Have you ever wanted to see the characters from your favorite action adventure manga get involved in romantic relationships with each other? What about seeing those characters as teenagers going to a normal high school? The truth is that lots of people wonder what their favorite characters would look like and act like if the world that they lived in were completely different and in Japan, the answer is to take a look at doujinshi!
The term doujinshi simply refers to manga that has been self-published, rather than being picked up by a major publisher. Though doujinshi is often created by amateurs, the truth of the matter is that there are many artists in this field who create works of a professional quality. For instance, the famous artist/writer group of Clamp, which is responsible for everything from X to Card Captor Sakura, began as a doujinshi group, which is often referred to as a “circle.”
Since the 1980s, doujinshi slowly evolved from being something that was meant to showcase original work or a field that was only for people who were interested in avoiding major publishers, to largely containing parody material of regular series. These parody doujinshi might run the gamut from joke manga about a super serious anime to romantic manga that will pair together different characters from the original source material.
It is interesting to note that in Japan, doujinshi are a thriving, if small, market. Though these artists are essentially making money from copyrighted material, there is no prosecution, and some manga authors even admit to checking in on the doujinshi sales of their work to see how popular it has become! While litigation is possible, most doujinshi are published in such small numbers that they are usually ignored. This is very different from the comics market that thrive in the US, where such behavior would be quickly stopped and prosecuted. For that reason, doujinshi are seldom translated into English in any official format. That has not stopped a thriving culture of fans online that will buy the original Japanese volumes, and scan them, and then edit English translations into them before sharing them with the Internet.
In the United States, you will largely run into doujinshi online or at the anime conventions. There are some vendors who have made it a point to purchase doujinshi from Japanese retailers and then to resell it elsewhere. You can also purchase doujinshi online yourself, though they will be in Japanese.

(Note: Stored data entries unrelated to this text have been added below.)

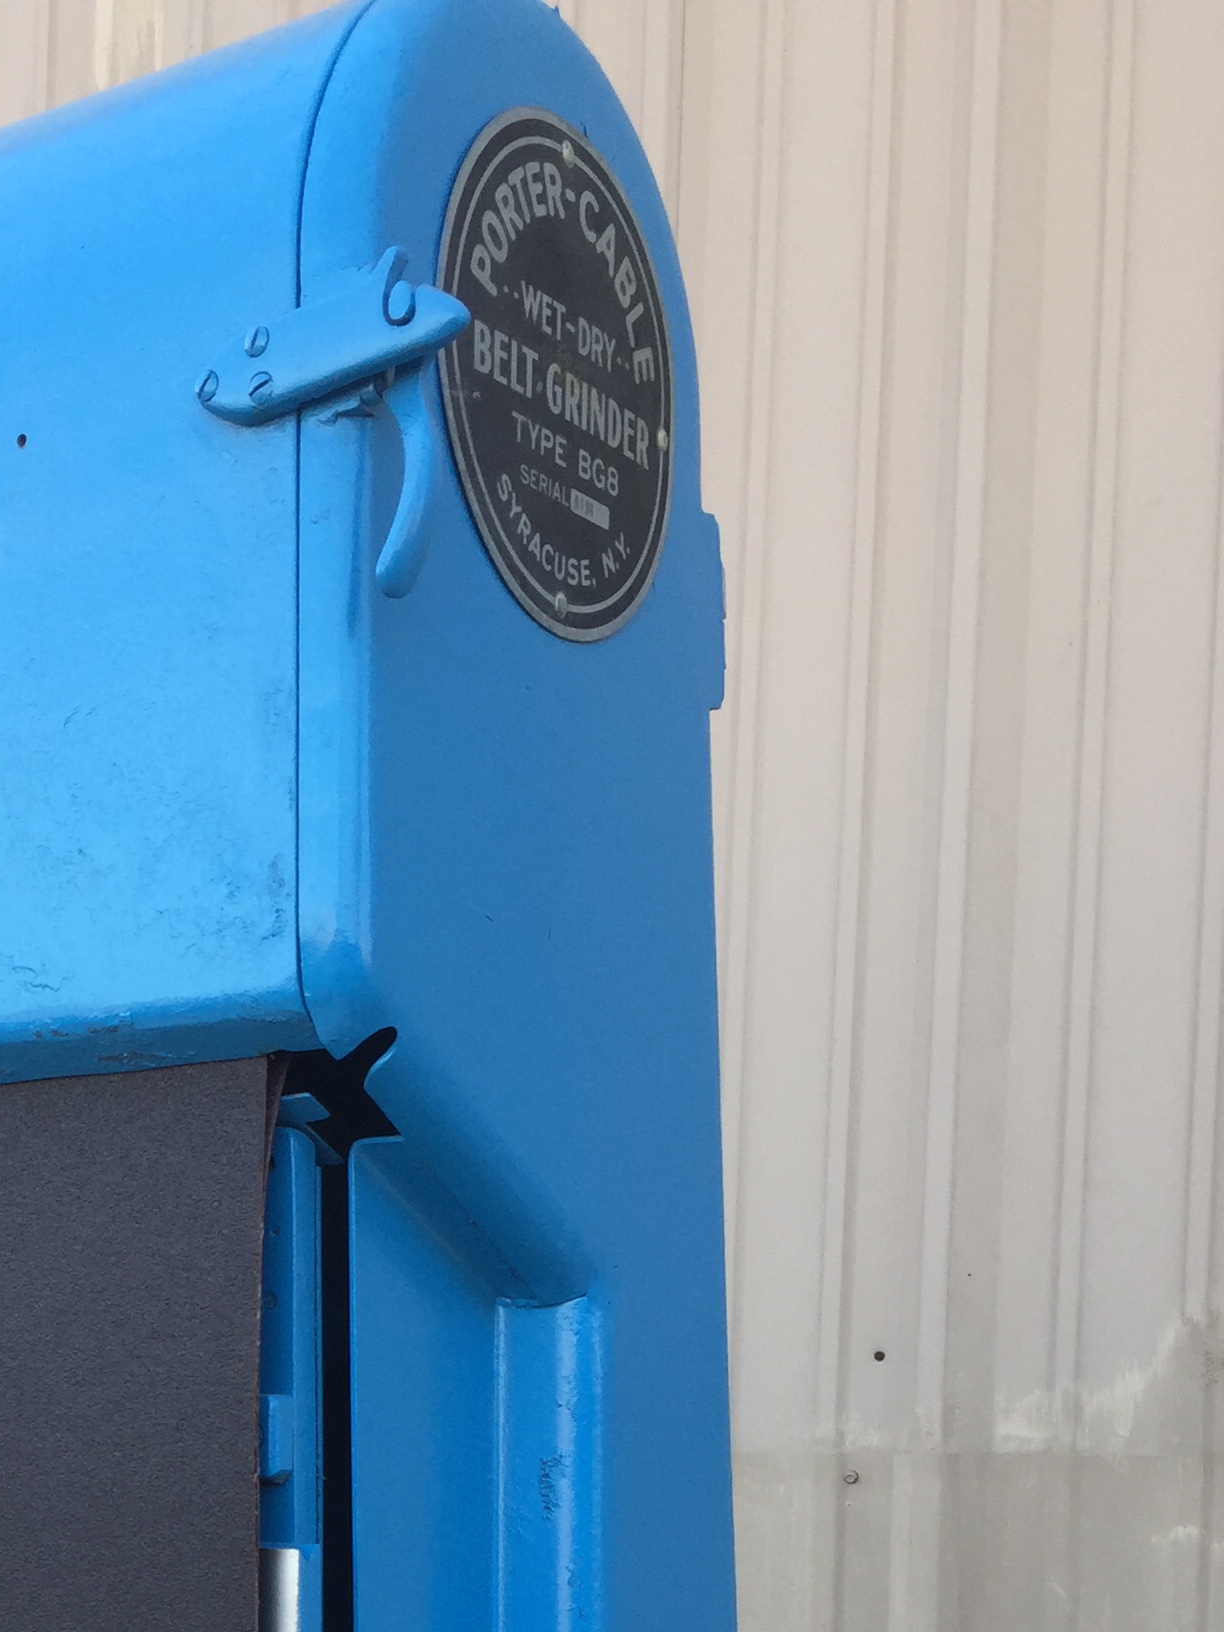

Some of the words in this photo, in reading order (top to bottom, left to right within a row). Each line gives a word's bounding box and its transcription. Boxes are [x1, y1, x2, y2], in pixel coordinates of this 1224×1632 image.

[470, 161, 656, 385] PORTER-CABLE
[473, 319, 540, 399] BELT
[546, 362, 650, 471] GRINDER
[512, 410, 568, 468] TYPE
[578, 448, 619, 497] BG8
[520, 464, 570, 512] SERIAL
[496, 473, 597, 589] SYRACUSE,
[601, 531, 631, 578] N.Y.
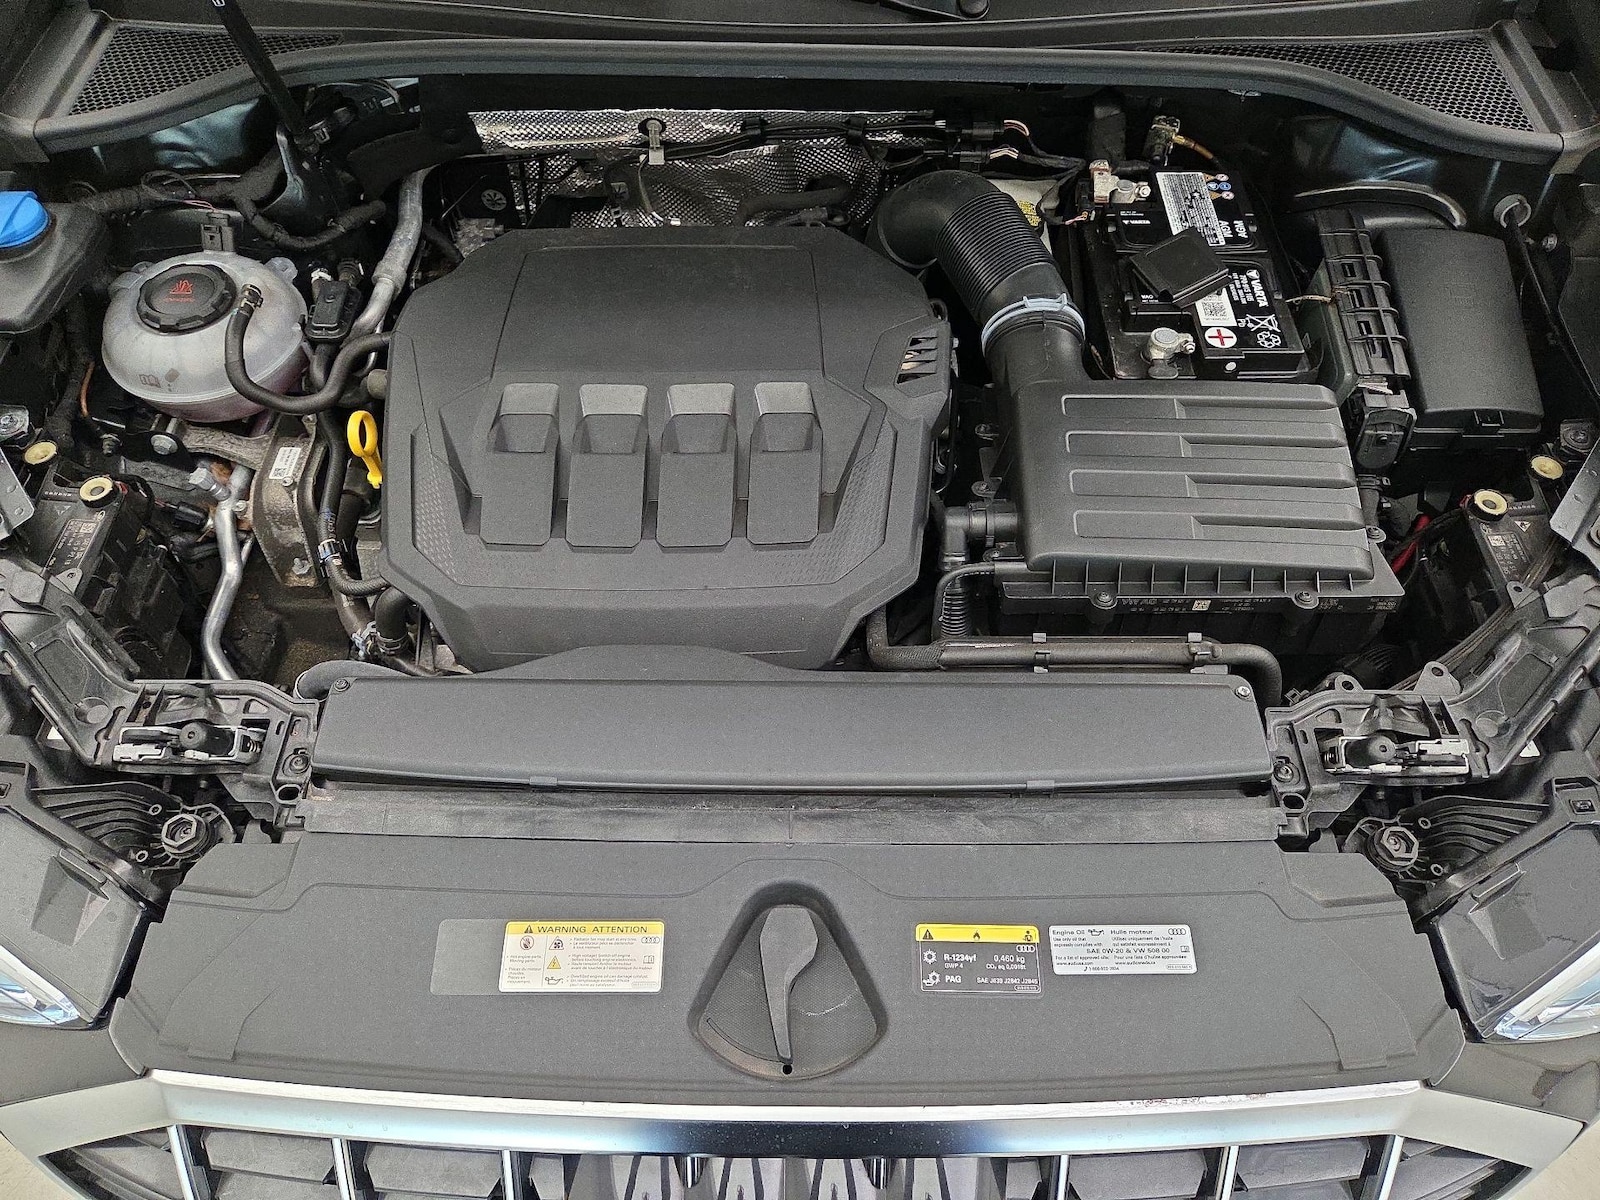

What can you expect when you purchase doujinshi? The answer is “practically anything!” For example, take one of the modern shonen classics, Bleach. There are gag doujinshi where the characters run around as though they were in a romantic comedy, there are serious explorations of characters who get very little screen time, and there is a great deal of doujinshi that deal with romantic pairings between the characters. These pairings might be heterosexual or homosexual, might contain pairings between characters who have never met, and can vary from being cute and romantic to being extremely pornographic.